Attenuation of the development of morphine dependence/tolerance by nefiracetam: involvement of adenosine 3':5'-cyclic monophosphate system.


PMID 10996409

Abstract

Biochemical changes such as intracellular cAMP and Ca(2+) underlying morphine dependence and tolerance have been suggested. Therefore, we investigated the effects of nefiracetam (N-(2, 6-dimethyl-phenyl)-2(2-oxo-1-pyrrolidinyl) acetamide), which increases intracellular cAMP and Ca(2+) levels, on the development of morphine dependence and tolerance. Mice administered morphine (6 or 20 mg kg(-1)) twice daily for 5 days, showed withdrawal symptoms (jumping, diarrhea and body weight loss) after naloxone challenge (5 mg kg(-1)), indicating morphine dependence. Furthermore, tolerance to the analgesic effect of morphine was observed in these mice. Co-administration of nefiracetam (5 or 10 mg kg(-1)) with morphine during the pretreatment period, significantly reduced the signs of withdrawal symptoms, moreover, the tolerance was significantly attenuated. Elevation of cAMP levels in the cortex was observed in morphine-dependent mice, but not in mice co-administered nefiracetam.
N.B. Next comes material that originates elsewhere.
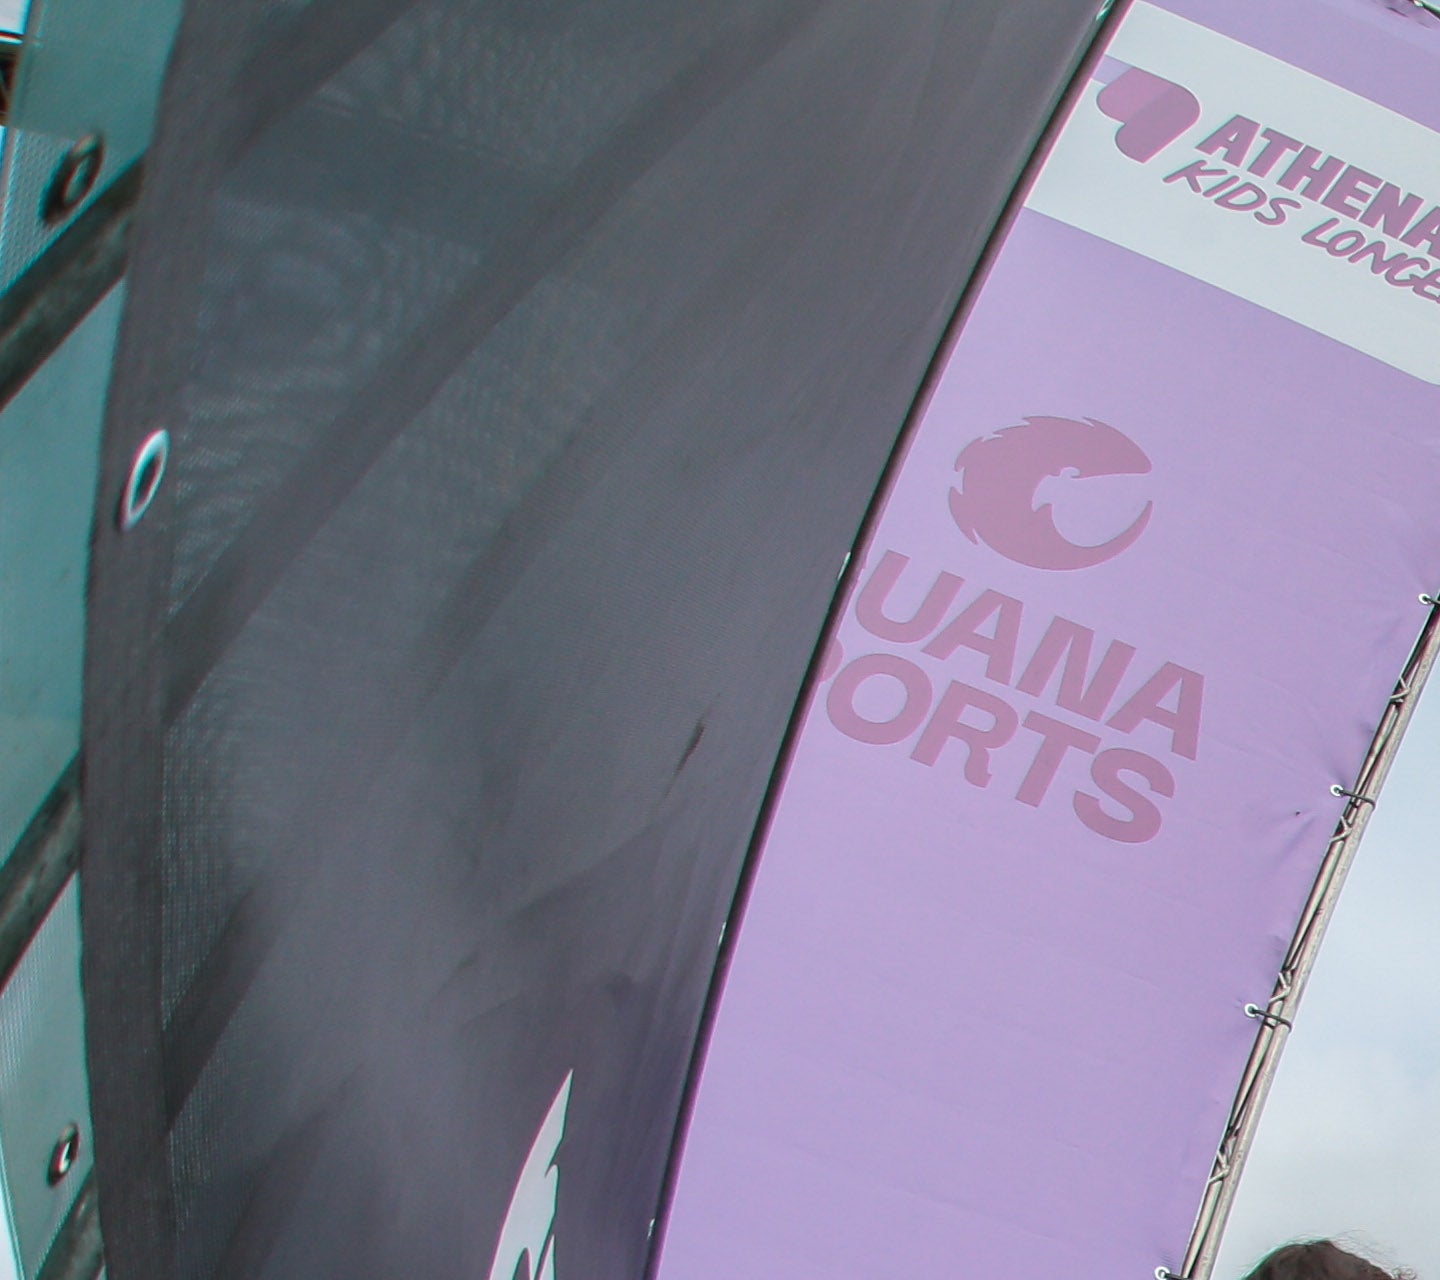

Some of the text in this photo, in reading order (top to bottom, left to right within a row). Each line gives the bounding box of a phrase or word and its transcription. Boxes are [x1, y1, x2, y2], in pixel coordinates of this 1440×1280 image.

[1164, 160, 1302, 223] KIDS
[826, 652, 1176, 843] ORTS
[855, 550, 1204, 760] UANA
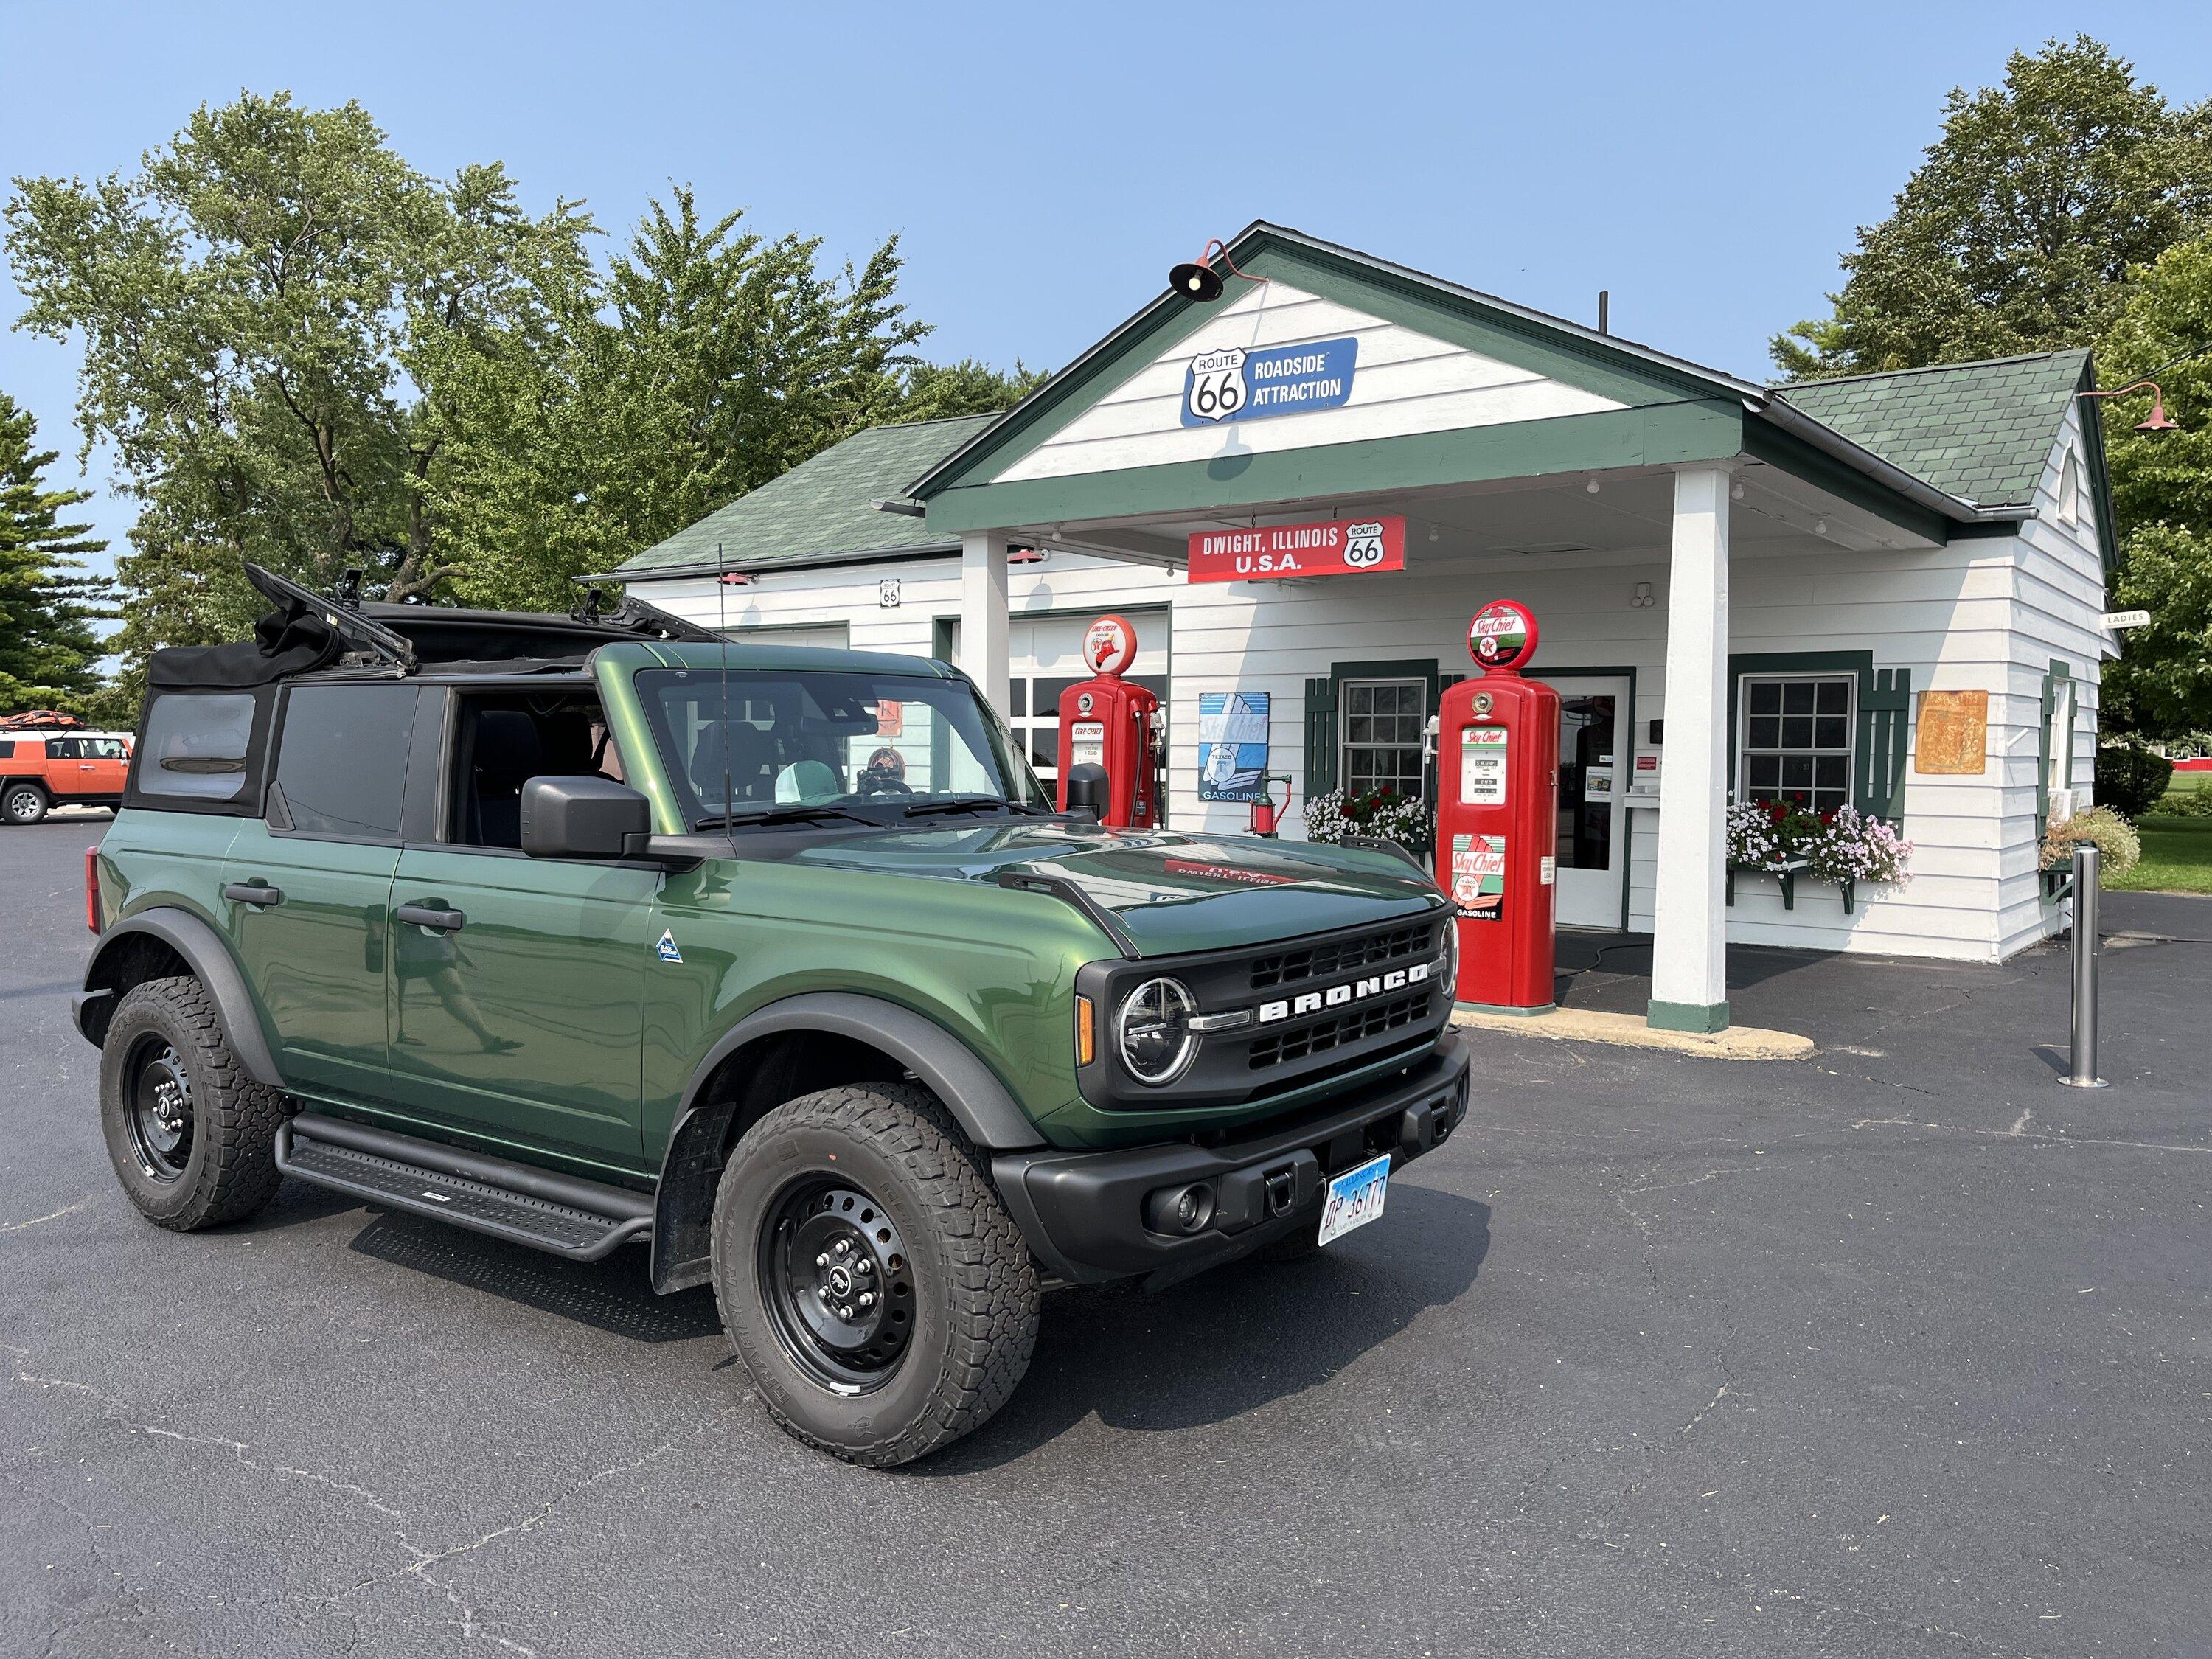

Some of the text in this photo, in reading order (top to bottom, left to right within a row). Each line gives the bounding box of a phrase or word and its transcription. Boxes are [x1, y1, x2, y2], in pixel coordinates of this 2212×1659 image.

Acute administration of nefiracetam shows no effect on the withdrawal symptoms and the analgesic effect in morphine-naive mice. Theophylline (3 or 10 mg kg(-1)) tended to attenuate and enprofylline (10 or 30 mg kg(-1)) significantly attenuated the development of morphine dependence and tolerance. These findings suggest that co-administration of nefiracetam or compounds, which increase the cAMP level, may be a useful strategy for attenuating the development of morphine dependence and tolerance in the clinic.